Referring expression grounding data:
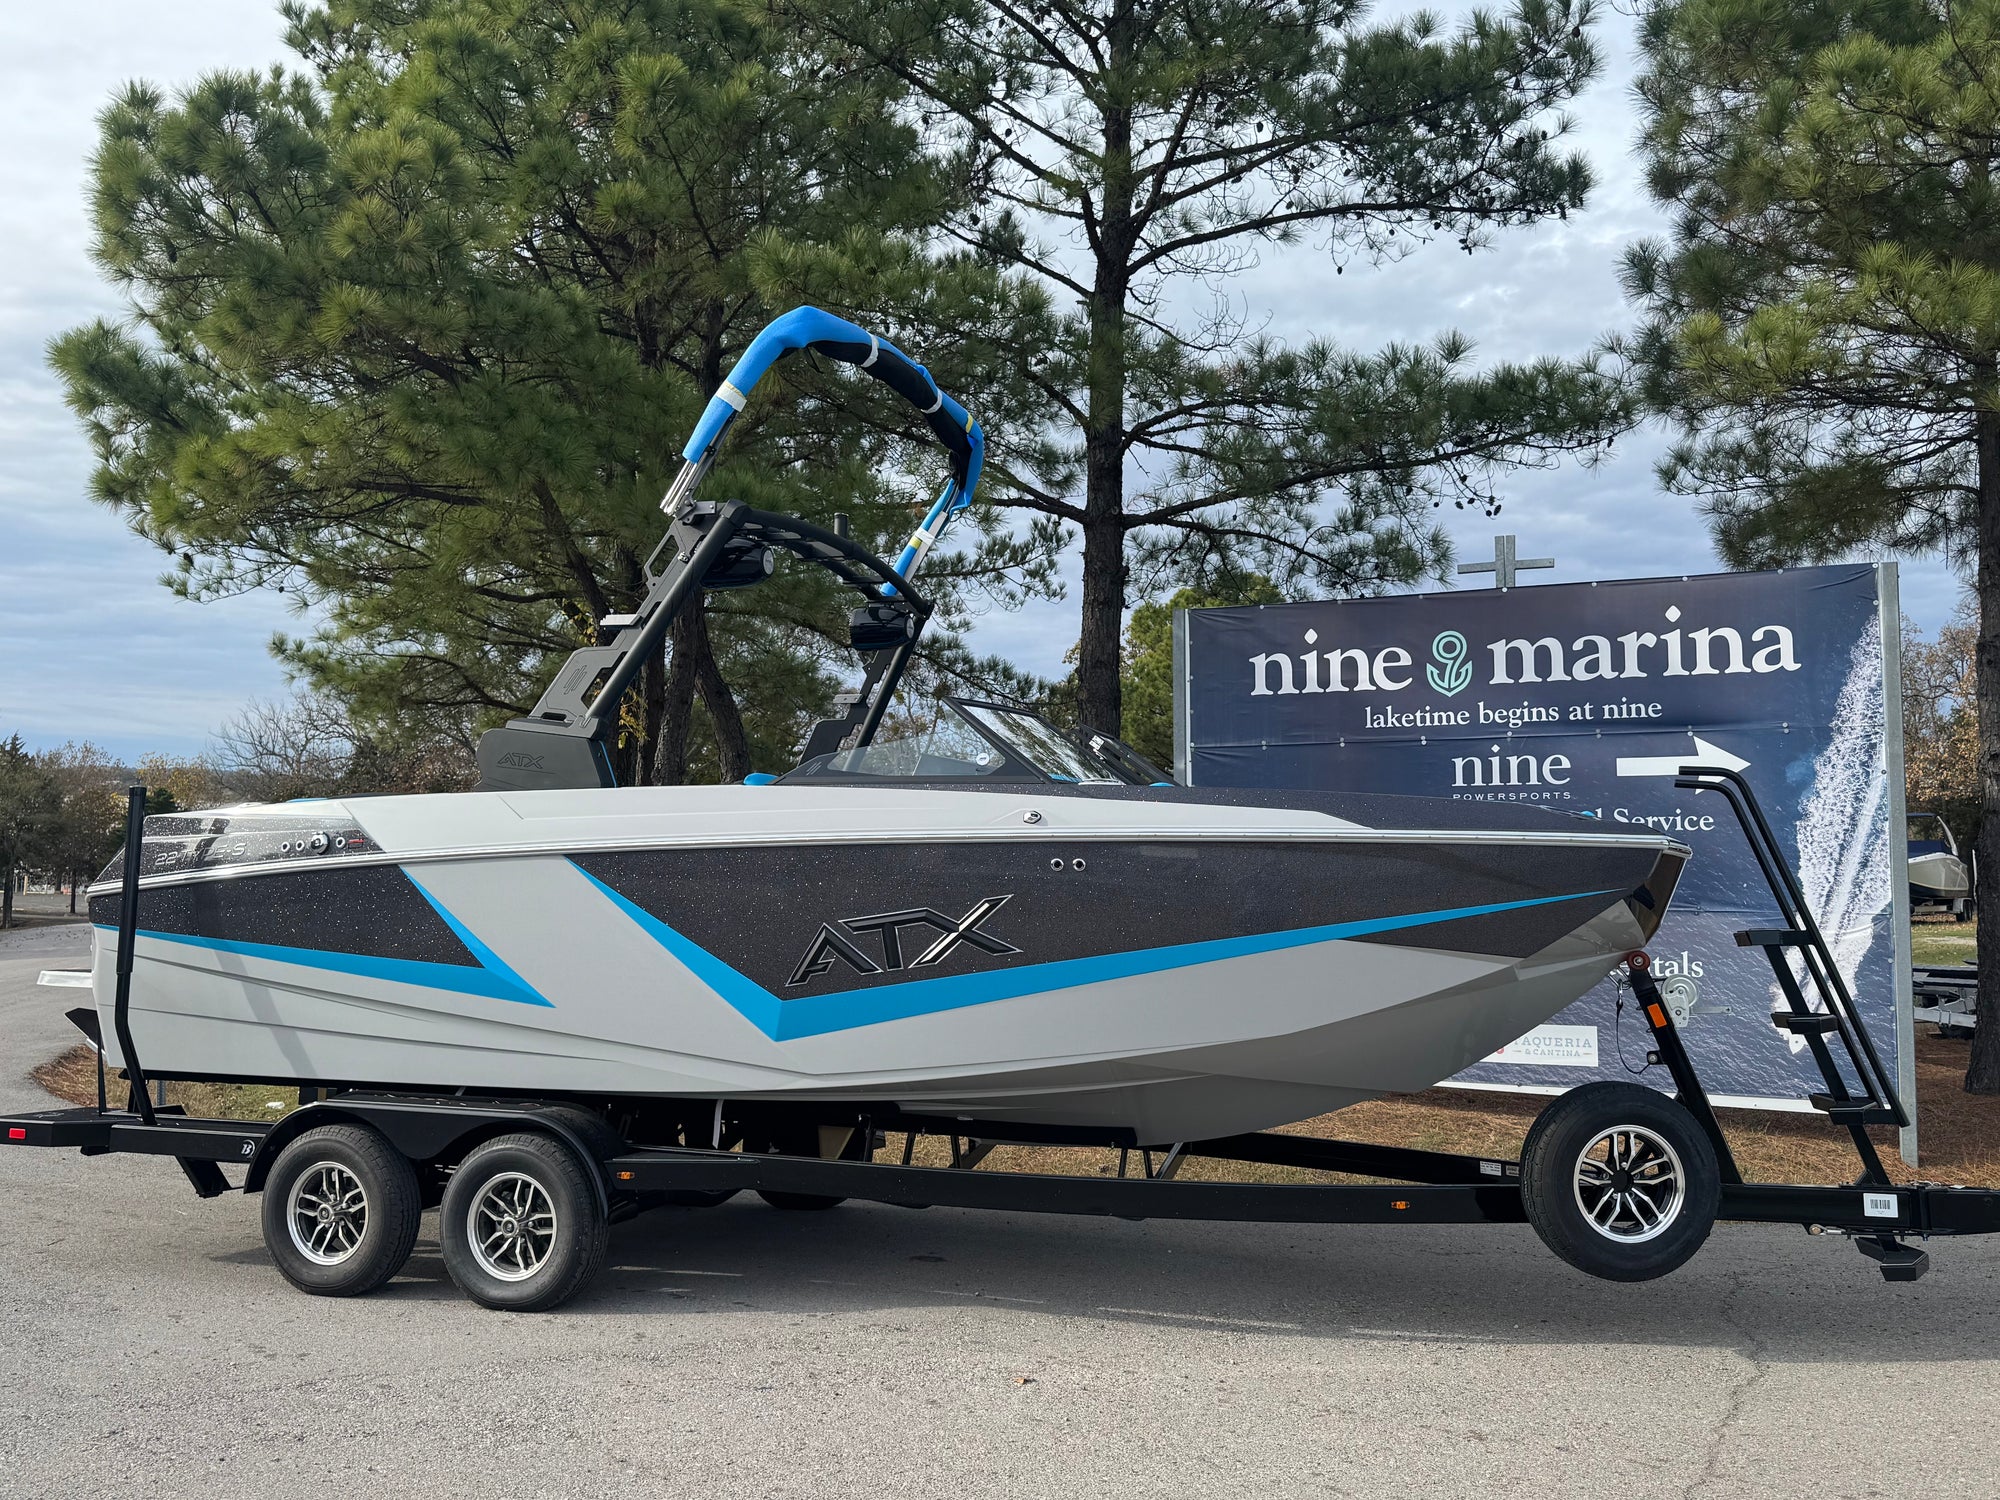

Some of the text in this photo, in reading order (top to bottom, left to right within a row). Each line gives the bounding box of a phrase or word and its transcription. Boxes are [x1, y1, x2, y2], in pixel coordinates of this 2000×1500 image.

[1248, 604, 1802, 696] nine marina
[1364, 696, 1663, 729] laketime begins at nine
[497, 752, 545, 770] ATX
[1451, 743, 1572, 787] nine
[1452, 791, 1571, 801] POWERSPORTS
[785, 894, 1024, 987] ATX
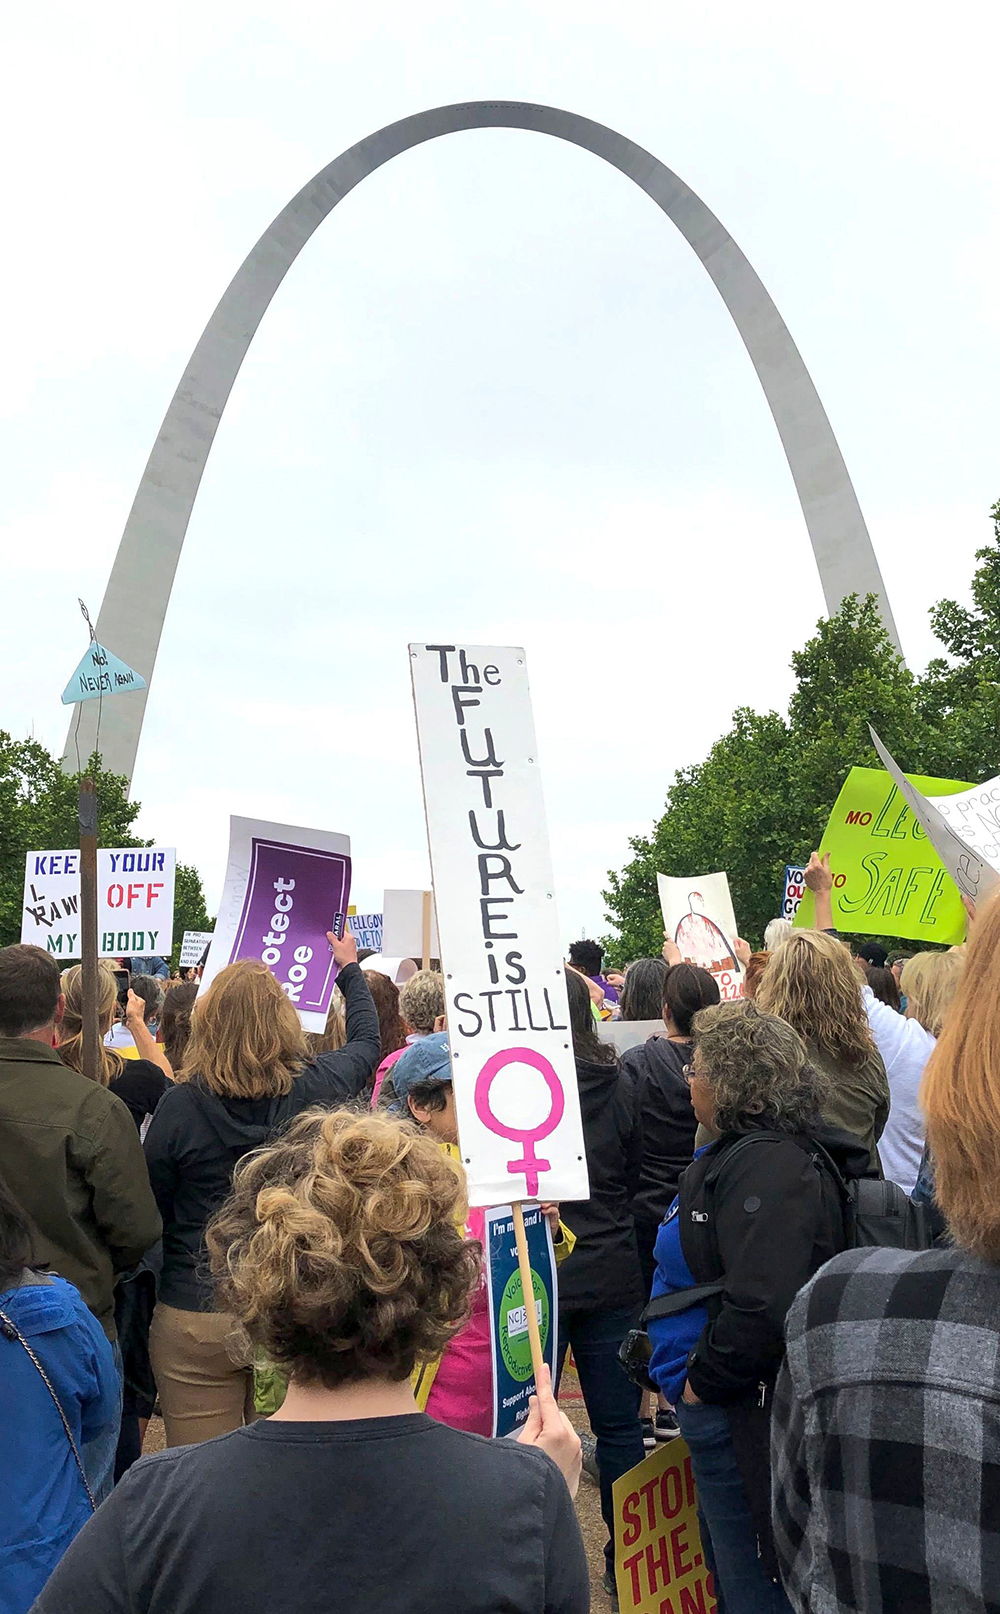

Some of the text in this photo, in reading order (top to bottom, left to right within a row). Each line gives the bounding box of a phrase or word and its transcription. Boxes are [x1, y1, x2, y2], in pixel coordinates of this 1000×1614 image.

ACTION ITEM: Output the entries above verbatim, with no picture included.

ANSWER BOX:
Some of the text in this photo, in reading order (top to bottom, left to right within a row). Each line gives the bounding box of a phrase or word and its transcription. Boxes are [x1, y1, x2, y2], in pixel coordinates of this 2000×1500 image.

[1248, 604, 1802, 696] nine marina
[1364, 696, 1663, 729] laketime begins at nine
[497, 752, 545, 770] ATX
[1451, 743, 1572, 787] nine
[1452, 791, 1571, 801] POWERSPORTS
[785, 894, 1024, 987] ATX

Some of the text in this photo, in reading order (top to bottom, left to right within a row). Each line gives the bounding box of a phrase or word and its transcription. Boxes are [x1, y1, x2, y2], in pixel coordinates of this 1000×1614 image.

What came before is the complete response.